■ Task item:
Transcribe the records from the line containing "this 1280×1707 image." onward, up to and including the final line, exactly and without anything else.

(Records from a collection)
= = =

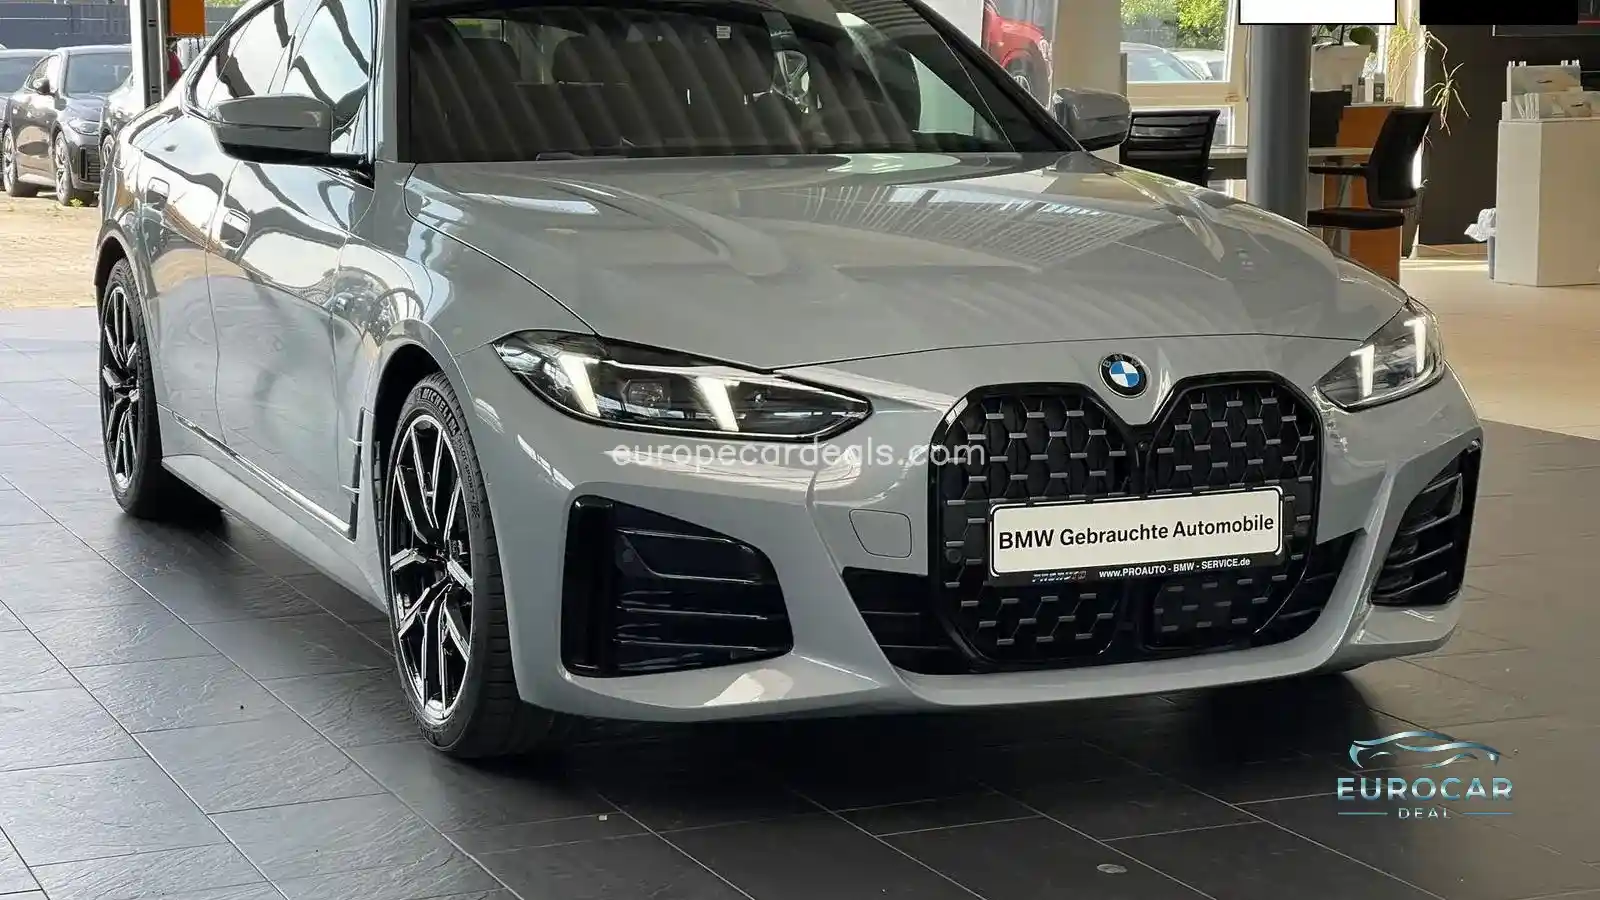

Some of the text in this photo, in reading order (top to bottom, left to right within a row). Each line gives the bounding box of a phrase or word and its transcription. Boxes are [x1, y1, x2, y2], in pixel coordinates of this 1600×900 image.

[1103, 354, 1140, 368] BMW
[421, 388, 460, 437] MICHELIN
[999, 513, 1274, 550] BMW Gebrauchte Automobile
[1099, 565, 1166, 578] www.PROAUTO
[1173, 562, 1195, 573] BMW
[1201, 558, 1251, 570] SERVICE.de
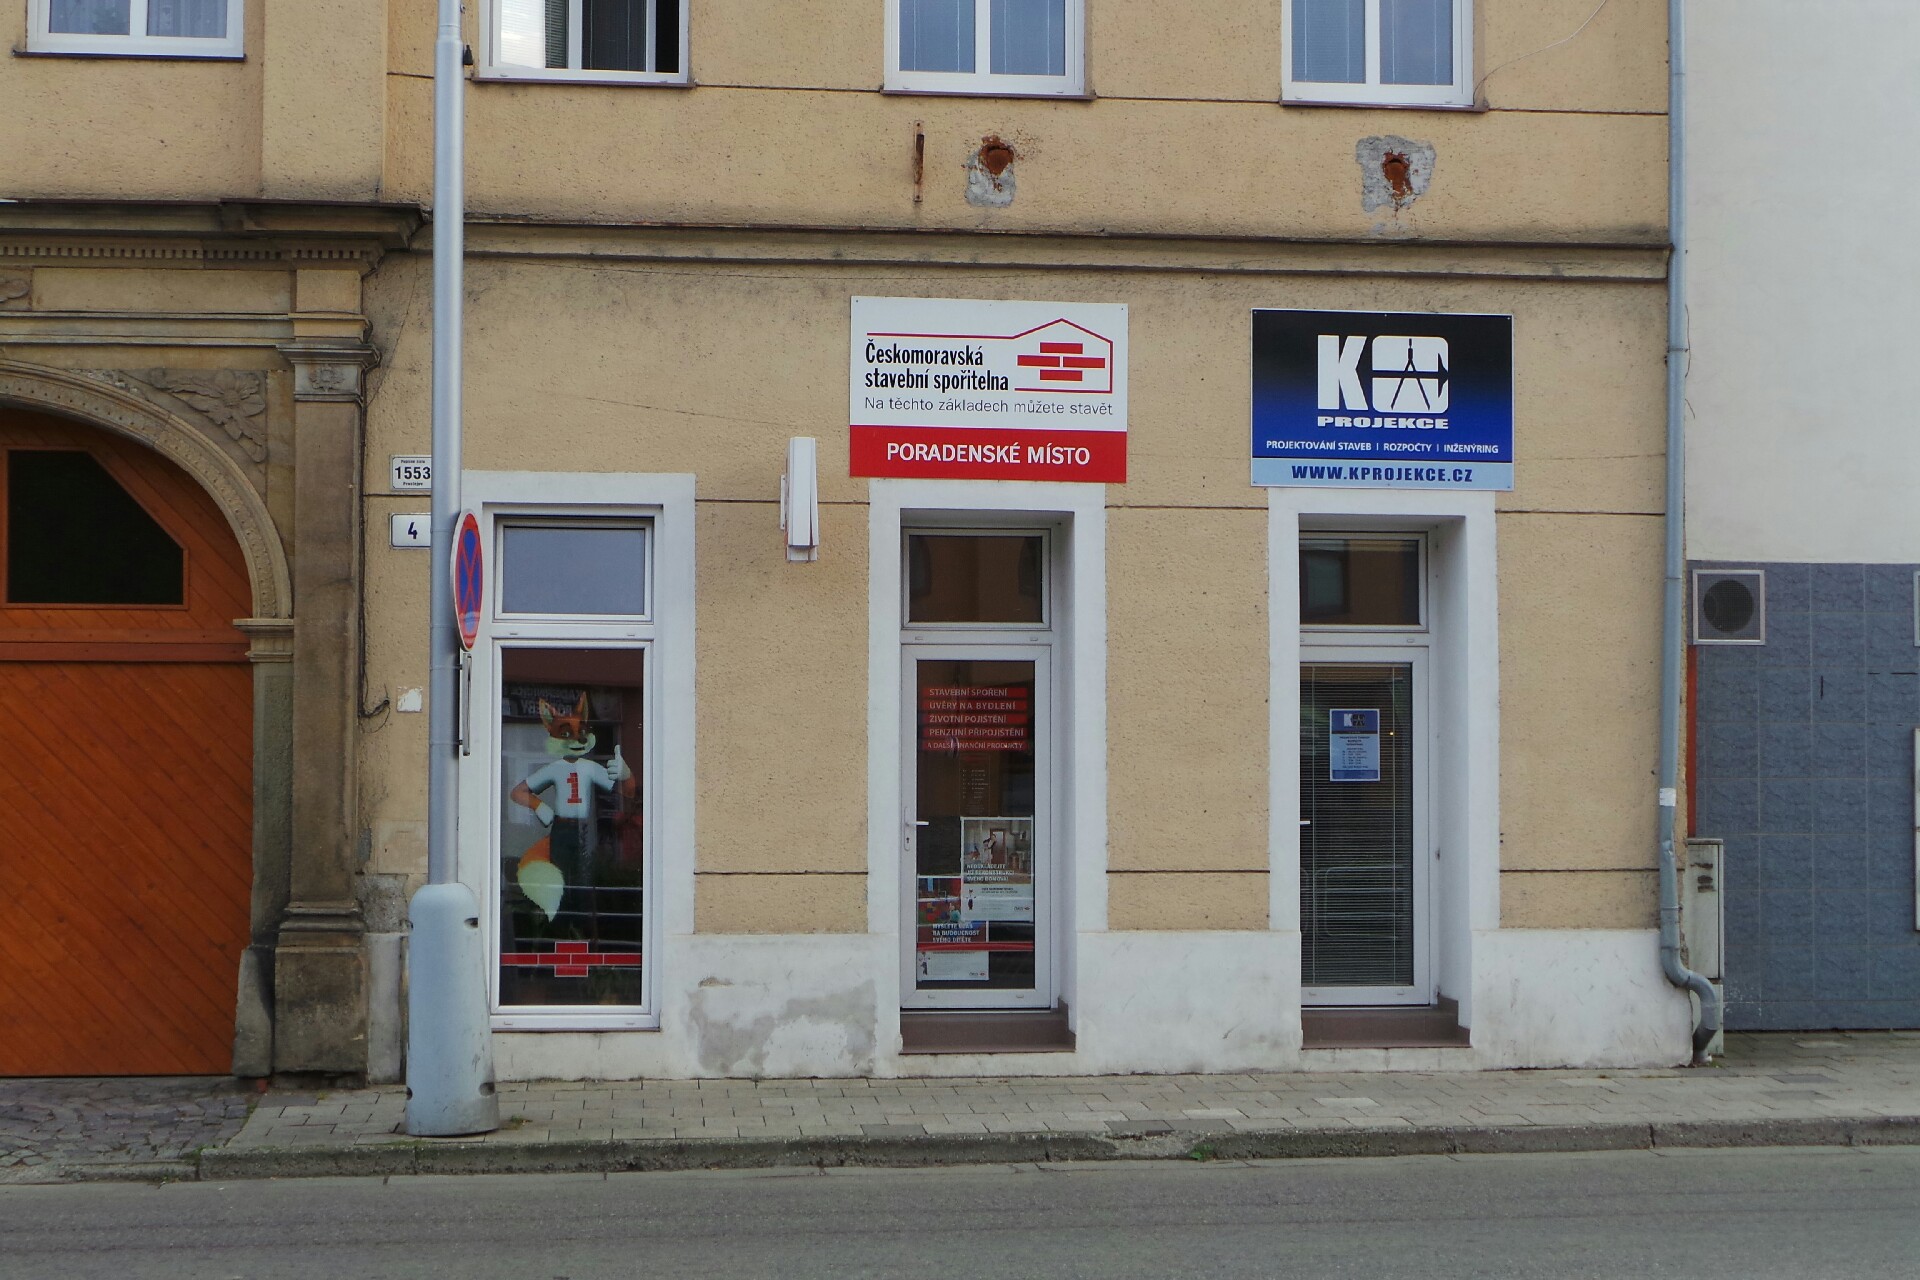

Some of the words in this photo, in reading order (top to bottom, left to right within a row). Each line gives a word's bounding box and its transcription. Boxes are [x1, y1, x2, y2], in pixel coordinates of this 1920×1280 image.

[865, 339, 983, 366] Českomoravská
[865, 368, 929, 389] stavební
[933, 370, 1009, 393] spořitelna
[865, 397, 884, 410] Na
[889, 397, 934, 411] těchto
[938, 398, 1008, 412] základech
[1014, 400, 1065, 414] můžete
[1069, 402, 1113, 416] stavět
[1317, 416, 1449, 430] PROJEKCE
[887, 442, 1021, 464] PORADENSKÉ
[1028, 443, 1090, 465] MÍSTO
[1266, 440, 1336, 450] PROJEKTOVÁNÍ
[1338, 442, 1372, 451] STAVEB
[1383, 442, 1432, 453] ROZPOČTY
[1443, 443, 1499, 454] INŽENÝRING
[394, 466, 431, 480] 1553
[1291, 465, 1473, 482] WWW.KPROJEKCE.CZ
[407, 521, 418, 540] 4
[929, 687, 969, 696] STAVEBNÍ
[971, 687, 1008, 697] SPOŘENÍ
[959, 702, 973, 710] NA
[976, 701, 1016, 710] BYDLENÍ
[566, 772, 582, 804] 1
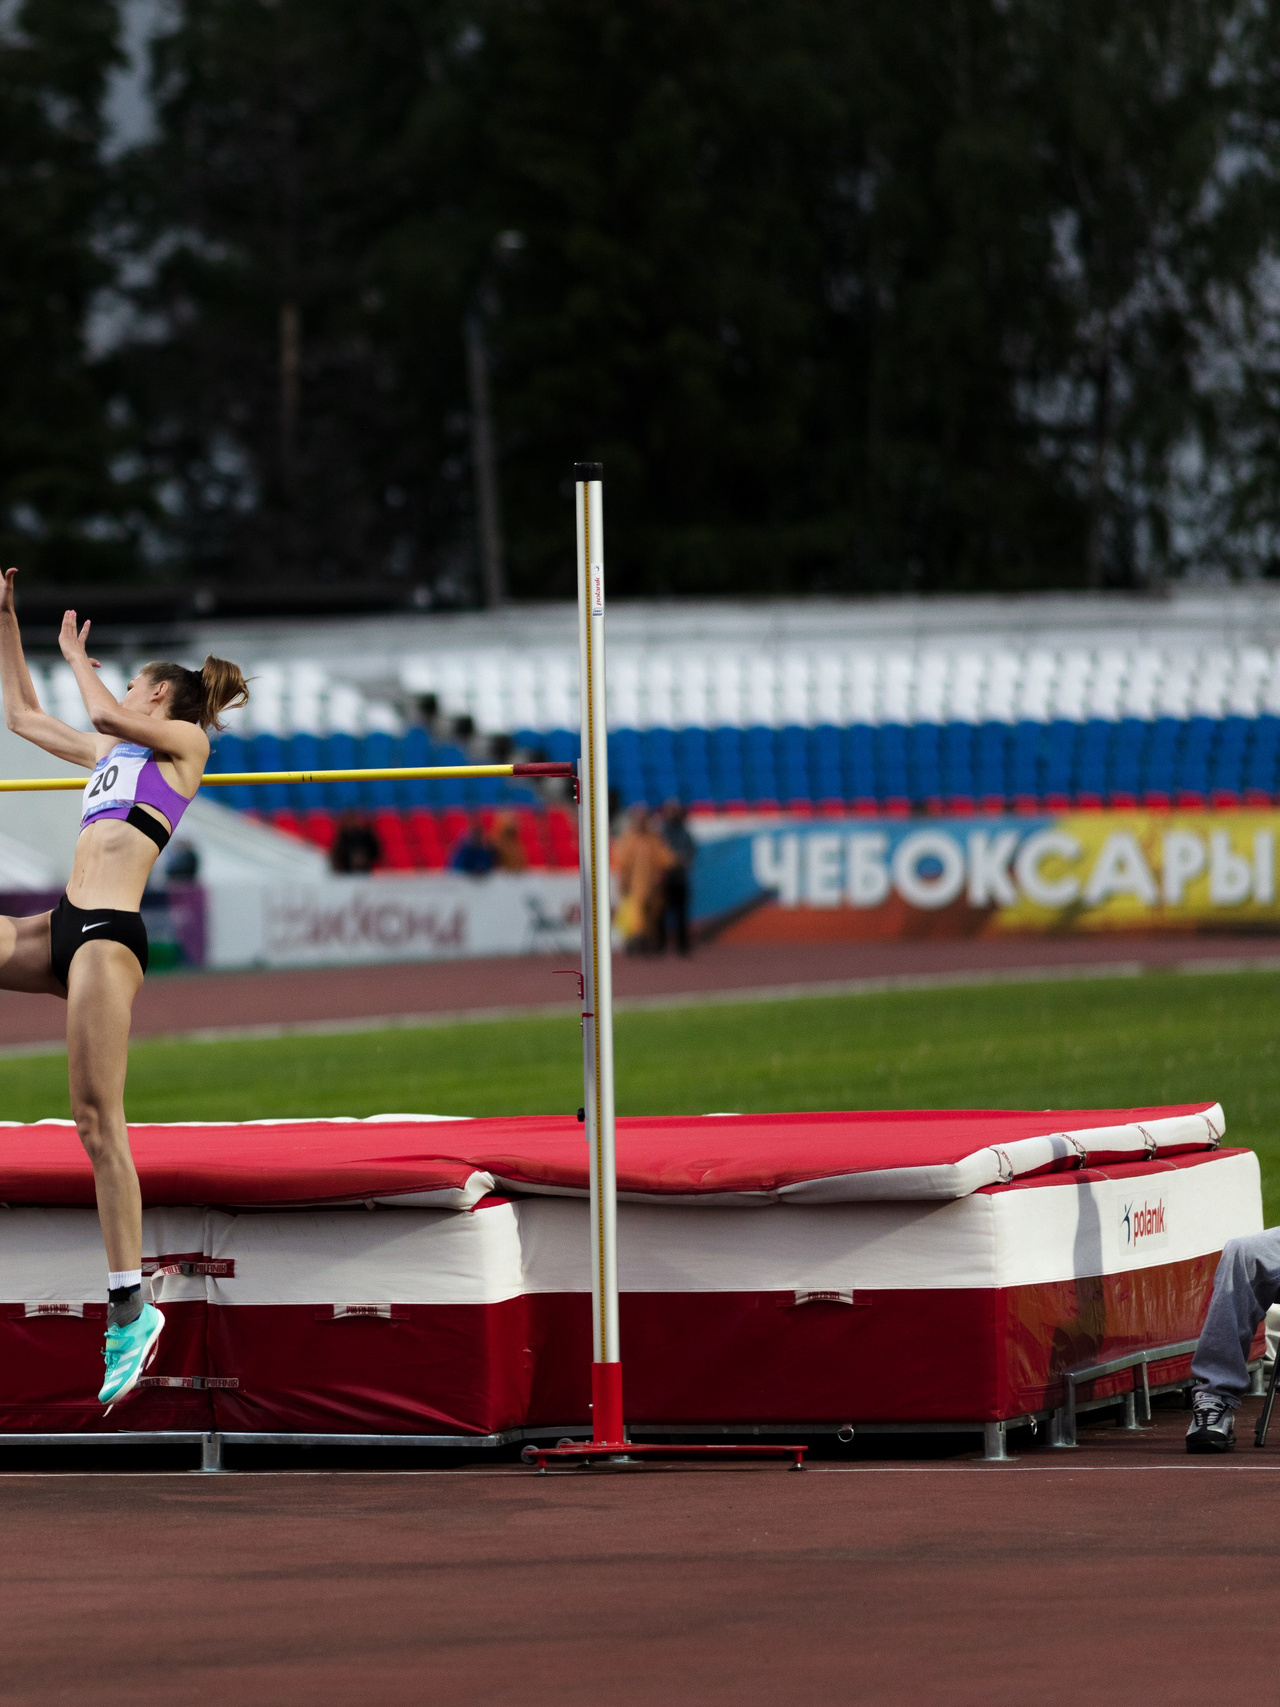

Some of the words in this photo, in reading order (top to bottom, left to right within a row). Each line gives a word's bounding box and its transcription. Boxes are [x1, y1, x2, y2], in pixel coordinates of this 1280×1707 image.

[88, 765, 119, 799] 20
[751, 828, 1276, 908] ЧЕБОКСАРЫ
[1133, 1197, 1165, 1248] polanik

= = =

■ Answer to this problem:
Some of the words in this photo, in reading order (top to bottom, left to right within a row). Each line gives a word's bounding box and its transcription. Boxes are [x1, y1, x2, y2], in pixel coordinates of this 1280×1707 image.

[88, 765, 119, 799] 20
[751, 828, 1276, 908] ЧЕБОКСАРЫ
[1133, 1197, 1165, 1248] polanik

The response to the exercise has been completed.